Revised 3 July 2008 by nickm: rename from relay_extend to
relay_early. Revise to current migration plan. Allow K cells
over circuit lifetime, not just at start.
Overview:
Right now, an attacker can add load to the Tor network by extending a
circuit an arbitrary number of times. Every cell that goes down the
circuit then adds N times that amount of load in overall bandwidth
use. This vulnerability arises because servers don't know their position
on the path, so they can't tell how many nodes there are before them
on the path.
We propose a new set of relay cells that are distinguishable by
intermediate hops as permitting extend cells.
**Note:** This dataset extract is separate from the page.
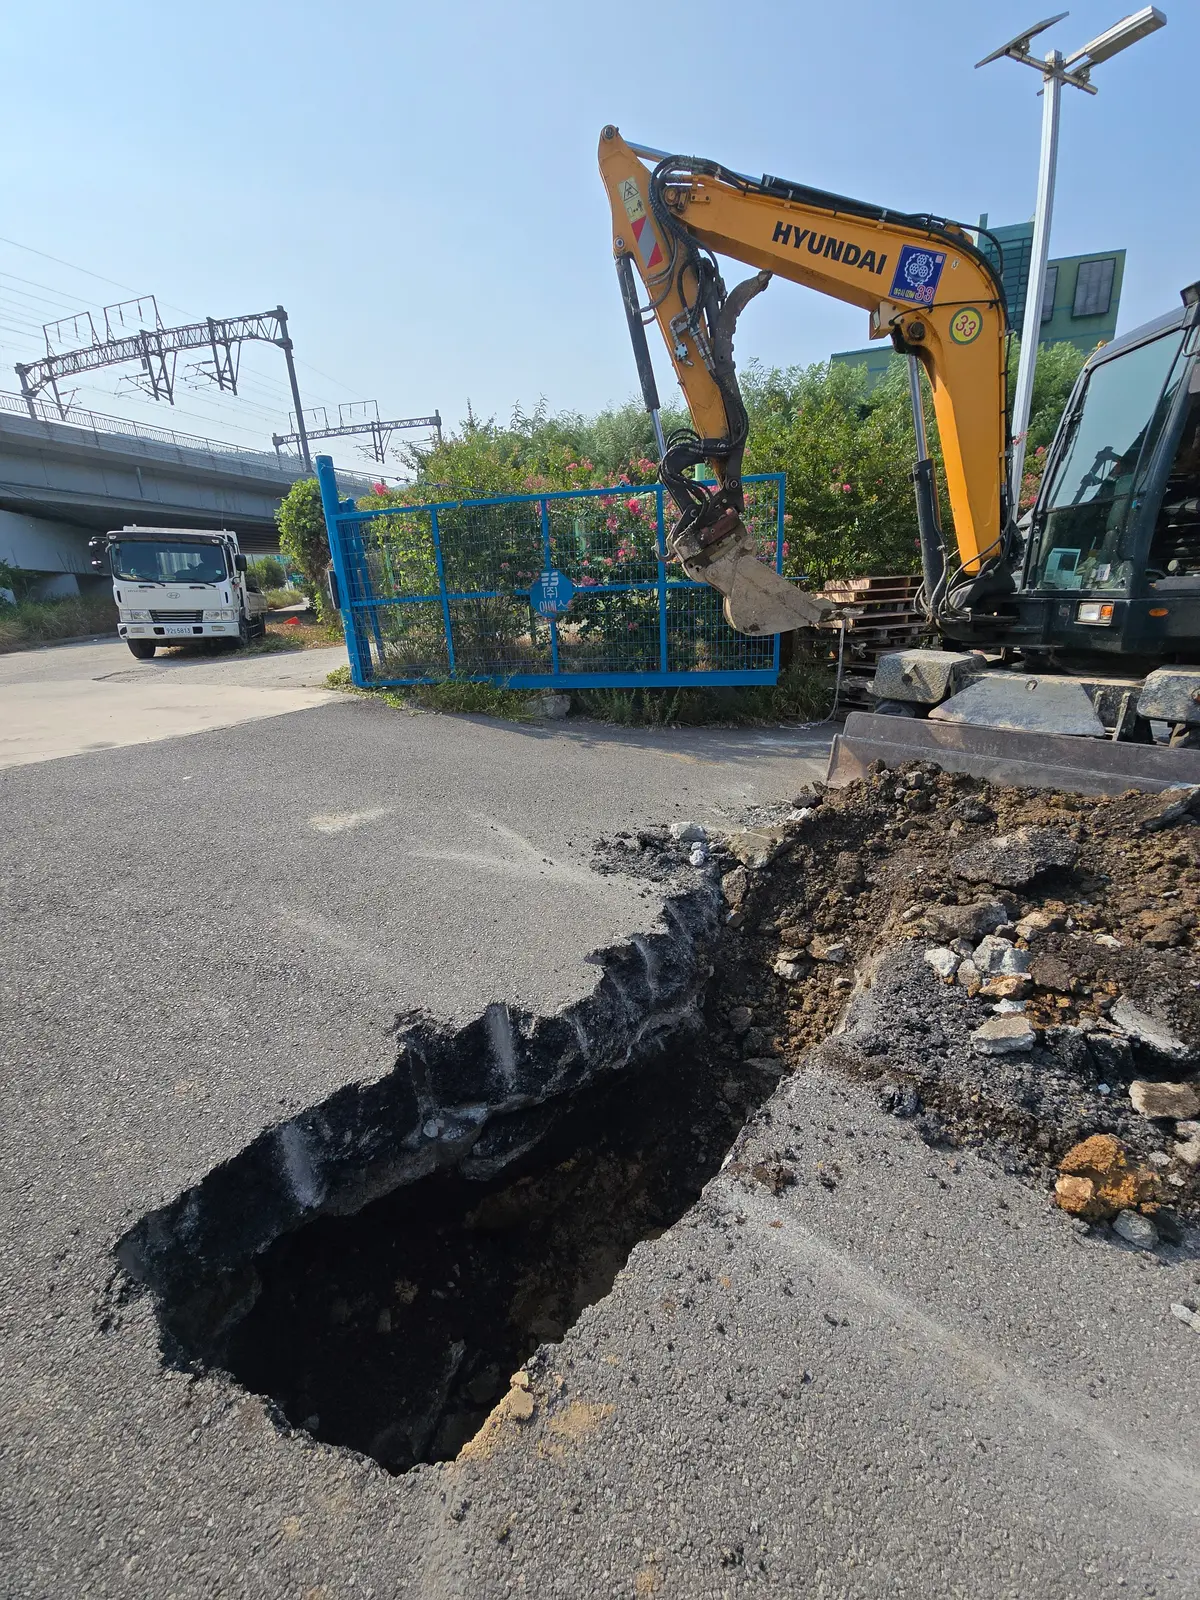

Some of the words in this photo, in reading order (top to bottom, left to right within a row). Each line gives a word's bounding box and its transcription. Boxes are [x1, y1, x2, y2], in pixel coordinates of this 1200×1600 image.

[772, 220, 888, 275] HYUNDAI
[915, 285, 934, 302] 33
[955, 314, 976, 337] 33
This approach will allow
us to put an upper bound on circuit length relative to the number of
colluding adversary nodes; but there are some downsides too.
Motivation:
The above attack can be used to generally increase load all across the
network, or it can be used to target specific servers: by building a
circuit back and forth between two victim servers, even a low-bandwidth
attacker can soak up all the bandwidth offered by the fastest Tor
servers.
The general attacks could be used as a demonstration that Tor isn't
perfect (leading to yet more media articles about "breaking" Tor), and
the targetted attacks will come into play once we have a reputation
system -- it will be trivial to DoS a server so it can't pass its
reputation checks, in turn impacting security.
Design:
We should split RELAY cells into two types: RELAY and RELAY_EARLY.
Only K (say, 10) Relay_early cells can be sent across a circuit, and
only relay_early cells are allowed to contain extend requests. We
still support obscuring the length of the circuit (if more research
shows us what to do), because Alice can choose how many of the K to
mark as relay_early. Note that relay_early cells *can* contain any
sort of data cell; so in effect it's actually the relay type cells
that are restricted. By default, she would just send the first K
data cells over the stream as relay_early cells, regardless of their
actual type.
Each intermediate server would pass on the same type of cell that it
received (either relay or relay_early), and the cell's destination
will be able to learn whether it's allowed to contain an Extend request.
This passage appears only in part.